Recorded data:
Segment Open
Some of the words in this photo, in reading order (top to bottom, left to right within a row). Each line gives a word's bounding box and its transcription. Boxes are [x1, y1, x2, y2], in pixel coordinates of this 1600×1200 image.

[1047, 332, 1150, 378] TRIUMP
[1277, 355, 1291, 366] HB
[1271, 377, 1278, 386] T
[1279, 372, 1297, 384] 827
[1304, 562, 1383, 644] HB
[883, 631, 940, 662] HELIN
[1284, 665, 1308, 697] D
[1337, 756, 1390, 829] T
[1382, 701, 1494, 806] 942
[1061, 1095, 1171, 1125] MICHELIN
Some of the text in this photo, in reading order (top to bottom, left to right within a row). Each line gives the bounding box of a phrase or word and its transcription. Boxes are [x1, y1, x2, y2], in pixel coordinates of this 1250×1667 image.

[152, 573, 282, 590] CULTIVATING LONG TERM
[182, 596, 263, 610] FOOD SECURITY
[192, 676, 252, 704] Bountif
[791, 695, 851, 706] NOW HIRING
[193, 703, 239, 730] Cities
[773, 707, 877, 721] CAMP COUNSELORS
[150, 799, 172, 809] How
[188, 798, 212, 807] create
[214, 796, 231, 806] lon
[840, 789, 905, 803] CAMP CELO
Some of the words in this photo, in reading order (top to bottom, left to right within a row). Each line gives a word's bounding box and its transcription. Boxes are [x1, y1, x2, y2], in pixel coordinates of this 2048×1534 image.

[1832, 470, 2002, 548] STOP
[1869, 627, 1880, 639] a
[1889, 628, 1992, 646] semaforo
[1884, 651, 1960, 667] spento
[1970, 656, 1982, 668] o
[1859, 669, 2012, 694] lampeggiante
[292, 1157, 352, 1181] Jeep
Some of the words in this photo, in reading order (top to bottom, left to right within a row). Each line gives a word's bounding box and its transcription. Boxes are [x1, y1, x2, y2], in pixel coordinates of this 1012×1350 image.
Segment Closed
_GOAL OF THE EXERCISE_
The records above need to be duplicated. Keep every word unchanged.

_RESULT FOR THIS EXERCISE_
Some of the words in this photo, in reading order (top to bottom, left to right within a row). Each line gives a word's bounding box and its transcription. Boxes are [x1, y1, x2, y2], in pixel coordinates of this 1600×1200 image.

[1047, 332, 1150, 378] TRIUMP
[1277, 355, 1291, 366] HB
[1271, 377, 1278, 386] T
[1279, 372, 1297, 384] 827
[1304, 562, 1383, 644] HB
[883, 631, 940, 662] HELIN
[1284, 665, 1308, 697] D
[1337, 756, 1390, 829] T
[1382, 701, 1494, 806] 942
[1061, 1095, 1171, 1125] MICHELIN
Some of the text in this photo, in reading order (top to bottom, left to right within a row). Each line gives the bounding box of a phrase or word and its transcription. Boxes are [x1, y1, x2, y2], in pixel coordinates of this 1250×1667 image.

[152, 573, 282, 590] CULTIVATING LONG TERM
[182, 596, 263, 610] FOOD SECURITY
[192, 676, 252, 704] Bountif
[791, 695, 851, 706] NOW HIRING
[193, 703, 239, 730] Cities
[773, 707, 877, 721] CAMP COUNSELORS
[150, 799, 172, 809] How
[188, 798, 212, 807] create
[214, 796, 231, 806] lon
[840, 789, 905, 803] CAMP CELO
Some of the words in this photo, in reading order (top to bottom, left to right within a row). Each line gives a word's bounding box and its transcription. Boxes are [x1, y1, x2, y2], in pixel coordinates of this 2048×1534 image.

[1832, 470, 2002, 548] STOP
[1869, 627, 1880, 639] a
[1889, 628, 1992, 646] semaforo
[1884, 651, 1960, 667] spento
[1970, 656, 1982, 668] o
[1859, 669, 2012, 694] lampeggiante
[292, 1157, 352, 1181] Jeep
Some of the words in this photo, in reading order (top to bottom, left to right within a row). Each line gives a word's bounding box and its transcription. Boxes are [x1, y1, x2, y2], in pixel coordinates of this 1012×1350 image.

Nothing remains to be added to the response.